Judith Suminwa Tuluka was sworn in as the first female prime minister in the Democratic Republic of Congo (DRC) on Wednesday. The new cabinet, which consists of 54 ministers, was also officially confirmed. Around six months after the controversial re-election of President Félix Tshisekedi in December 2023 (Press Review CW 2/2024), the new government can now begin its work. Tuluka, who previously held the post of Minister of Planning and was appointed by Tshisekedi as head of government and successor to Jean-Michel Sama Lukonde at the beginning of April. She now faces the task of implementing Tshisekedi’s declared priorities in the areas of employment, youth, women and national cohesion. To this end, she presented the so-called Programme d’Action Quinquennal last week, a five-year plan with an average annual budget of 18 billion euros based on three priorities. The first is the creation of new jobs, especially for the young population. Between 2024 and 2030, around 1.5 million new jobs are to be created each year. Around 30% of the financial resources of the five-year programme will be spent on this. A further 20% is to be channelled into protecting the national territory and safeguarding people and their property.
In this regard, a recruitment programme for the army is to be continued and additional equipment provided. The third priority concerns the country’s infrastructural development and provides for the expansion of the Banana deep-sea harbour, the expansion of the road network by 3,750 km and 400 additional modular harbours in order to better develop agricultural areas.

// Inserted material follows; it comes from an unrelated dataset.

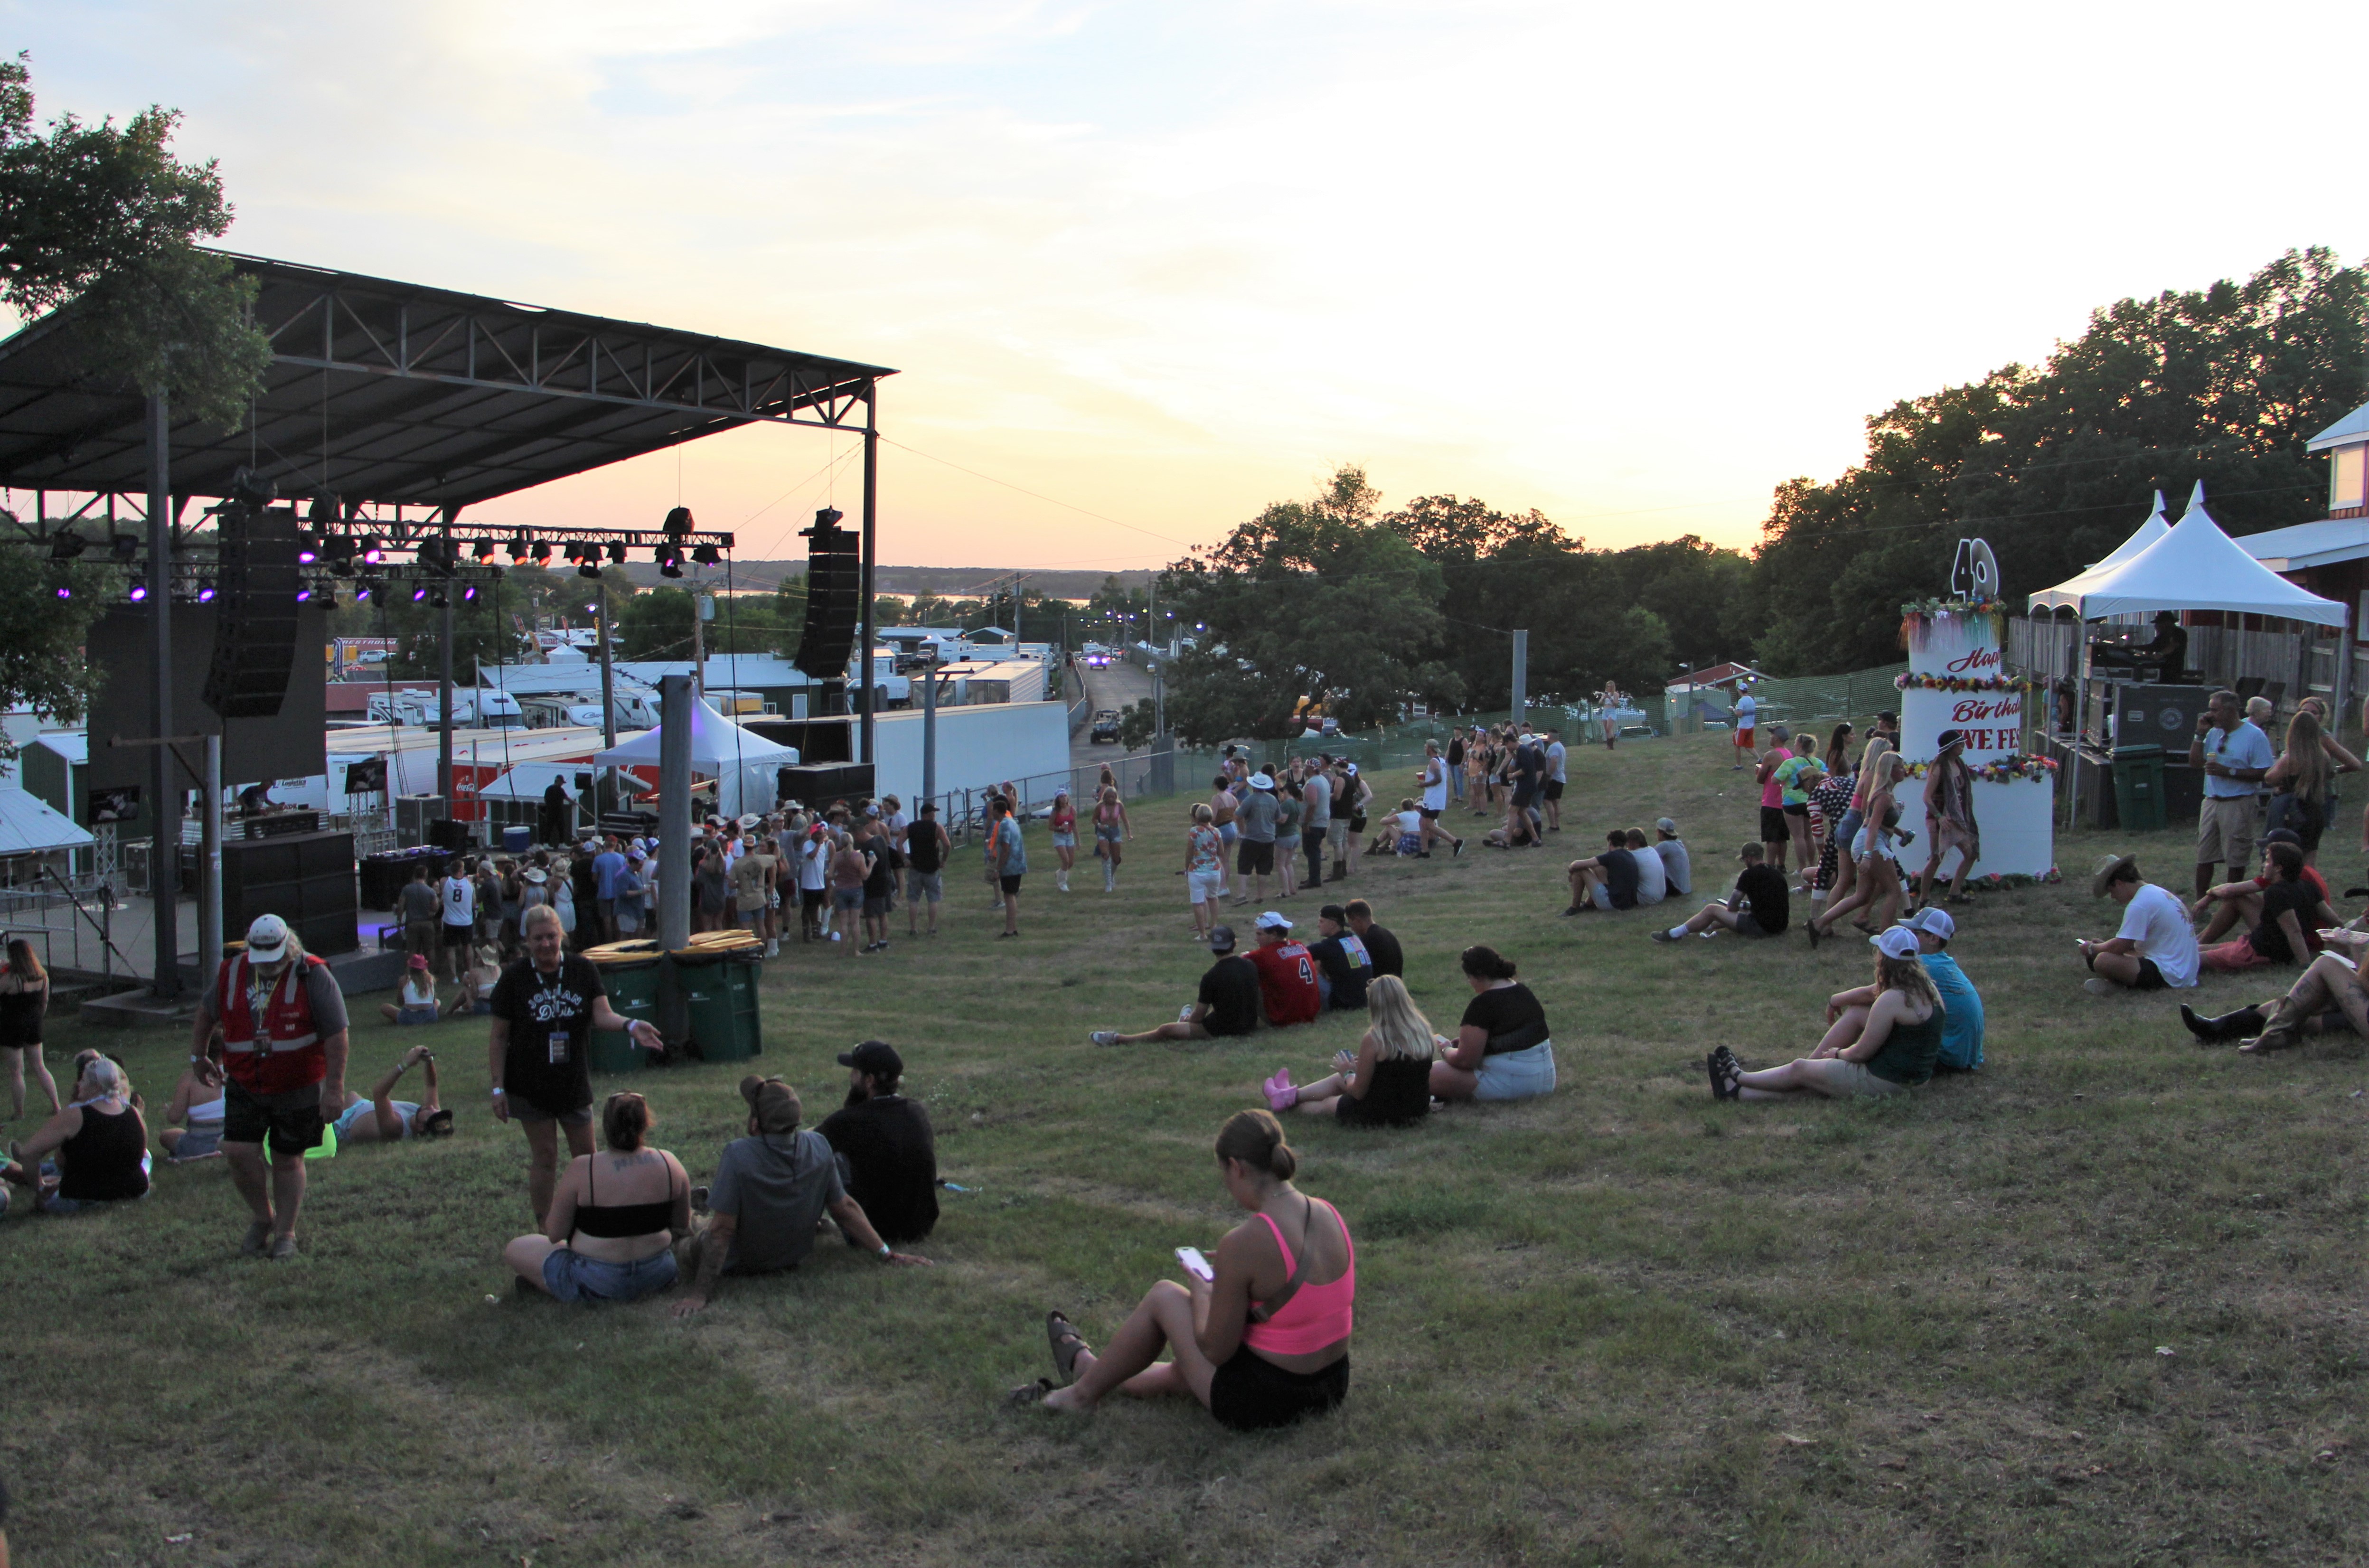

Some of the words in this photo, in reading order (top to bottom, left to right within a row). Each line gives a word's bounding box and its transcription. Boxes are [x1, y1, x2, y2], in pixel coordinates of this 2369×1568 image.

However, civil society organisations criticise the new government’s plans as being too ambitious. According to the coordinator of the non-governmental organisation Centre de Recherche en Finances Publiques et Développement Local (CREFDL), the country’s current budget only amounts to around half of the money planned for the implementation of the programme. The minimal downsizing of the cabinet from 57 to 54 members was also surprising given the enormous pressure to reduce costs. However, there were some changes within the cabinet, particularly in the area of security. These took place in response to the failed coup attempt on 29 May by the Congolese-American politician Christian Malanga. In 2017, he founded an alternative government for the DRC, the New Zaire Government, in exile in Belgium and proclaimed himself its president. In addition to him, another 50 people were killed in the coup attempt. Guy Mwadiamvita, who is close to President Tshisekedi and replaces former Vice-President Jean-Pierre Bemba, who previously held the post, becomes new Minister of Defence of the DRC. Peter Kazadi takes over as head of the Ministry of Internal Security. Tshisekedi also dismissed Daniel Lusadisu Kiambi just ten months after his appointment as head of the influential ANR intelligence service. Lusadisu is suspected by the military judiciary of having been a close confidant of Christian Malanga and indirectly involved in the latest coup attempt. However, the filling of posts in the security sector also plays a key role with regard to the situation in the east of the country. Fighting between the Congolese army and the M23 rebels has recently intensified again (Press Review CW 45/2023).


In other news

On Monday, the Senegalese restaurant Dakar NOLA in the US city of New Orleans was awarded the prestigious James Beard Award in the category of best newly opened restaurant in the country. Founded by chef Serigne Mbaye, who was born in Harlem but grew up in Senegal, the restaurant specialises in Senegalese cuisine with Creole influences. The James Beard Awards, also known as the Oscars of cuisine, have been presented annually since 1991 by the James Beard Foundation to influential people with a special commitment to the food industry. The foundation also focuses on promoting young chefs. In addition to Dakar Nola, the East African restaurant Baobab Fare, run by two chefs from Burundi, Hamissi Mamba and Nadia Nijimbere, was also nominated.